[EXTRACTED ENTRIES — start]

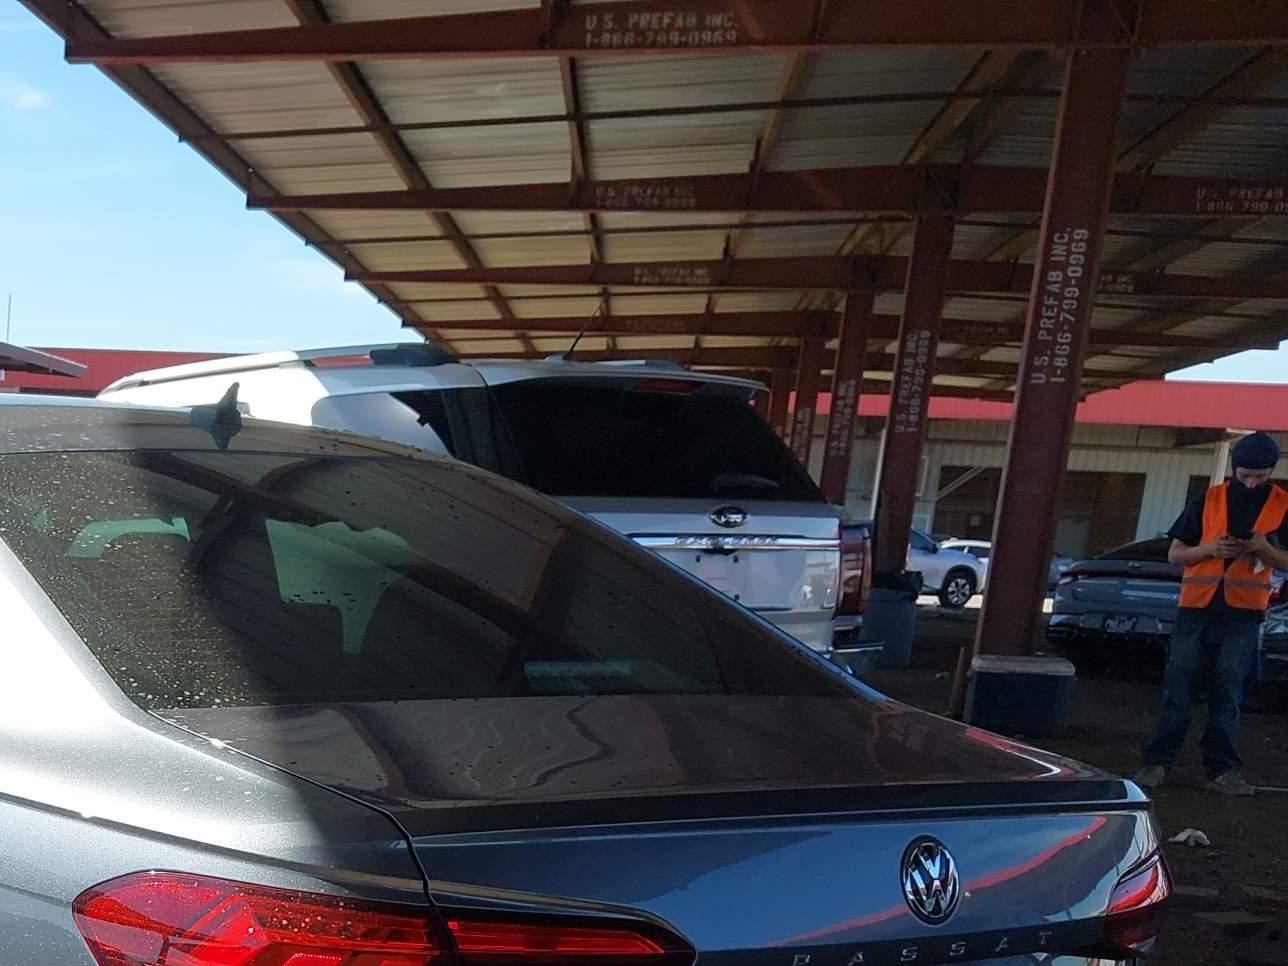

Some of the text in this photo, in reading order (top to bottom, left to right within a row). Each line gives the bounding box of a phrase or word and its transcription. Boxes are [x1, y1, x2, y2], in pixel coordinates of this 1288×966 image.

[627, 11, 697, 30] PREFAB
[1030, 226, 1072, 385] U.S. PREFAB INC.
[1049, 227, 1089, 384] 1-866-799-0969
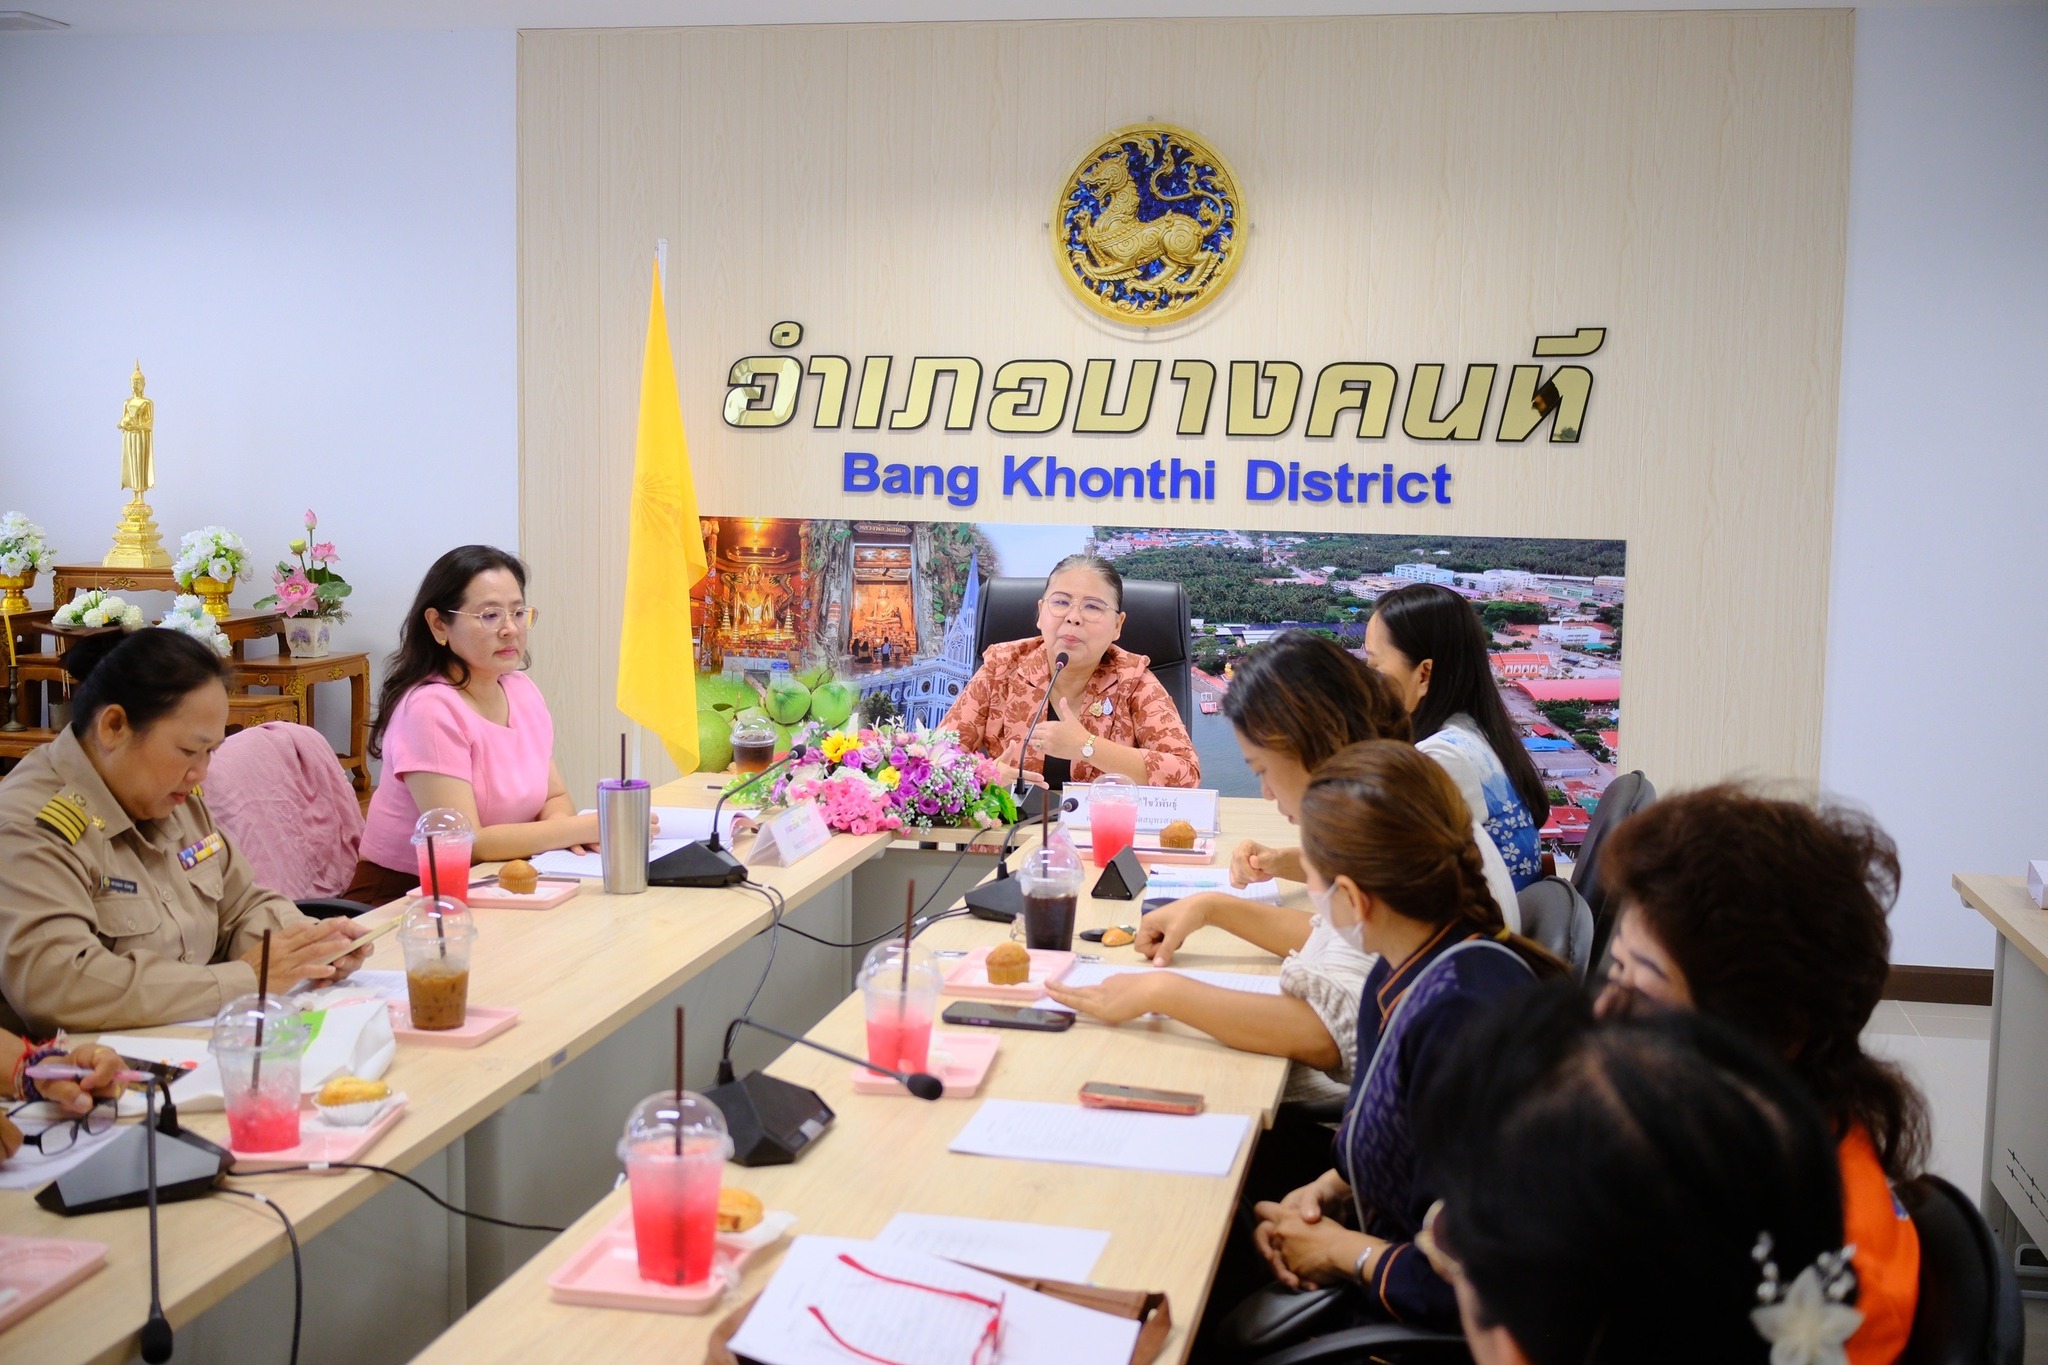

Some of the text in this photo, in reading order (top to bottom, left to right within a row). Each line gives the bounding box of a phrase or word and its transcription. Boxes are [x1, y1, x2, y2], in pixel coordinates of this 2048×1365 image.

[723, 320, 1607, 443] อำเภอบางคนที
[843, 452, 1451, 506] Bang Khonthi District
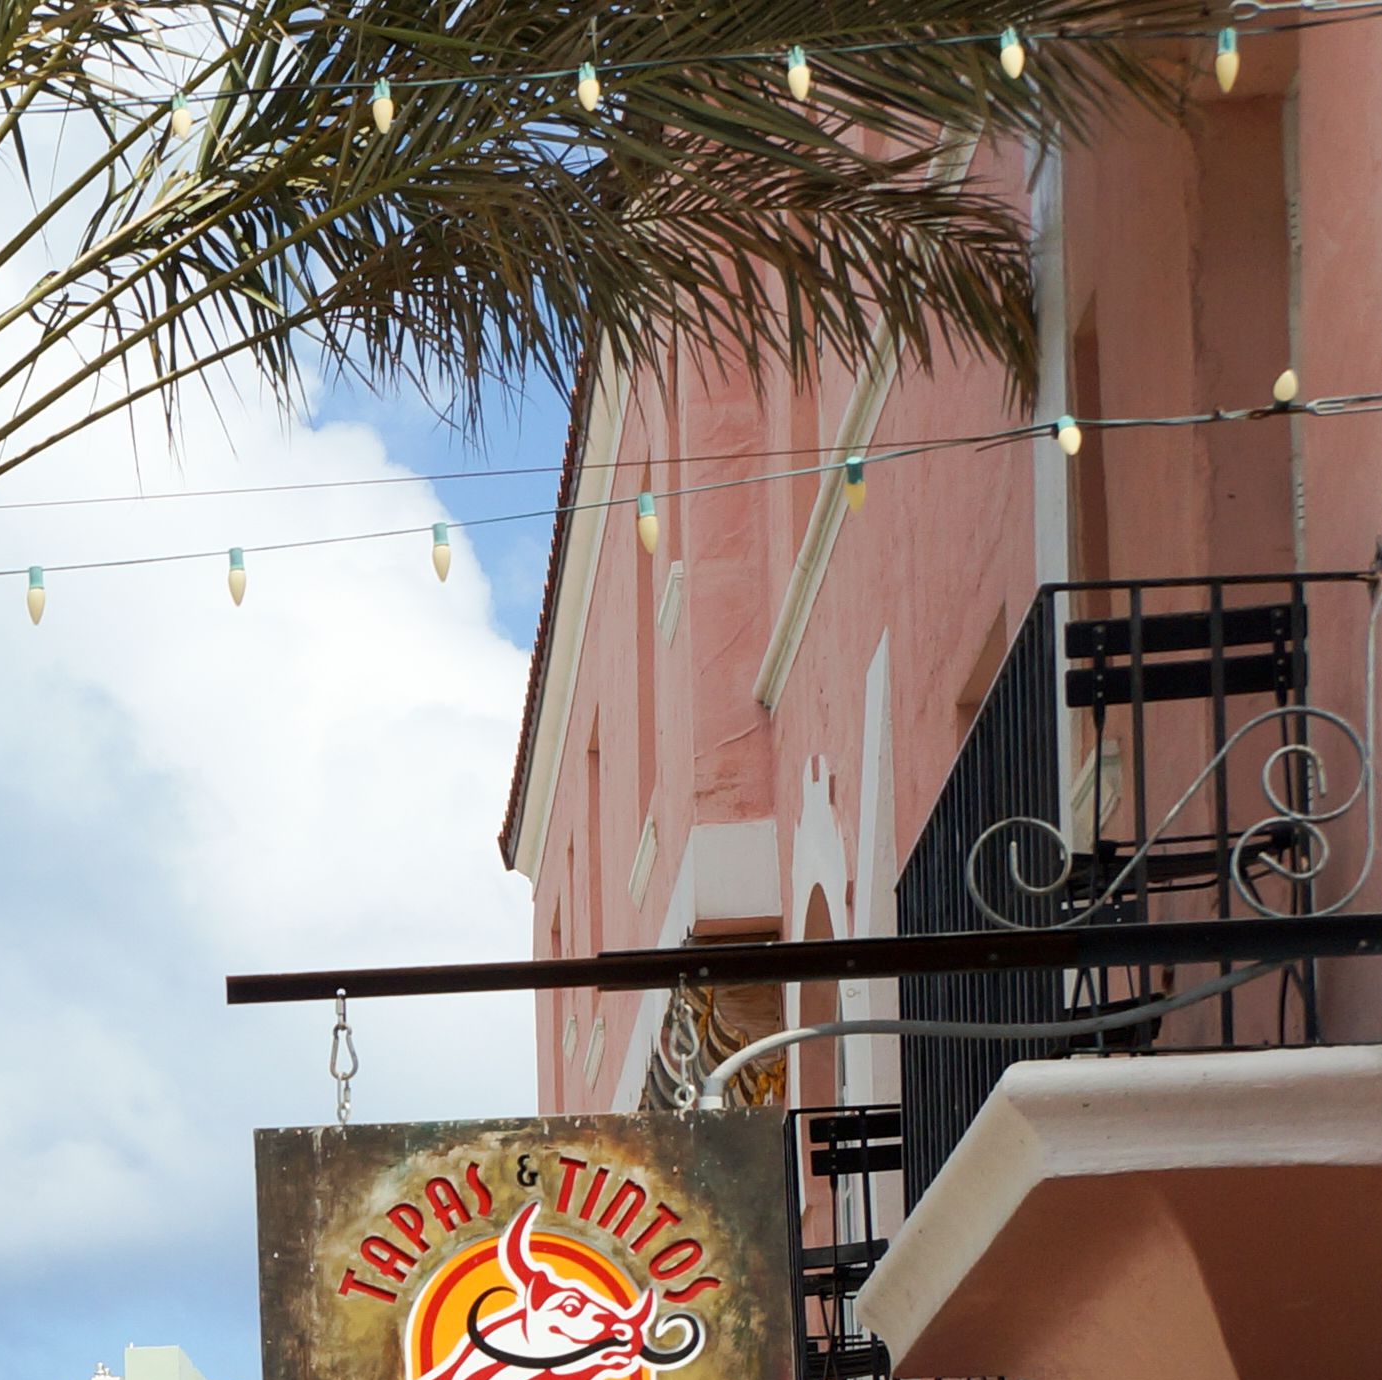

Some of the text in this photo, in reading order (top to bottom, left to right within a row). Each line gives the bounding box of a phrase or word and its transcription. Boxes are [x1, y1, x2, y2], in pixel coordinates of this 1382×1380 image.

[338, 1153, 722, 1305] TAPAS & TINTOS

[EXTRACTED ENTRIES — finish]

WHAT YOU SHOULD DO :: You need to restate all of the entries above exactly and leave the pictures behind.

TASK SOLUTION ::
Some of the text in this photo, in reading order (top to bottom, left to right within a row). Each line gives the bounding box of a phrase or word and its transcription. Boxes are [x1, y1, x2, y2], in pixel coordinates of this 1288×966 image.

[627, 11, 697, 30] PREFAB
[1030, 226, 1072, 385] U.S. PREFAB INC.
[1049, 227, 1089, 384] 1-866-799-0969

Some of the text in this photo, in reading order (top to bottom, left to right within a row). Each line gives the bounding box of a phrase or word and its transcription. Boxes are [x1, y1, x2, y2], in pixel coordinates of this 2048×1365 image.

[723, 320, 1607, 443] อำเภอบางคนที
[843, 452, 1451, 506] Bang Khonthi District

Some of the text in this photo, in reading order (top to bottom, left to right within a row). Each line gives the bounding box of a phrase or word and its transcription. Boxes are [x1, y1, x2, y2], in pixel coordinates of this 1382×1380 image.

[338, 1153, 722, 1305] TAPAS & TINTOS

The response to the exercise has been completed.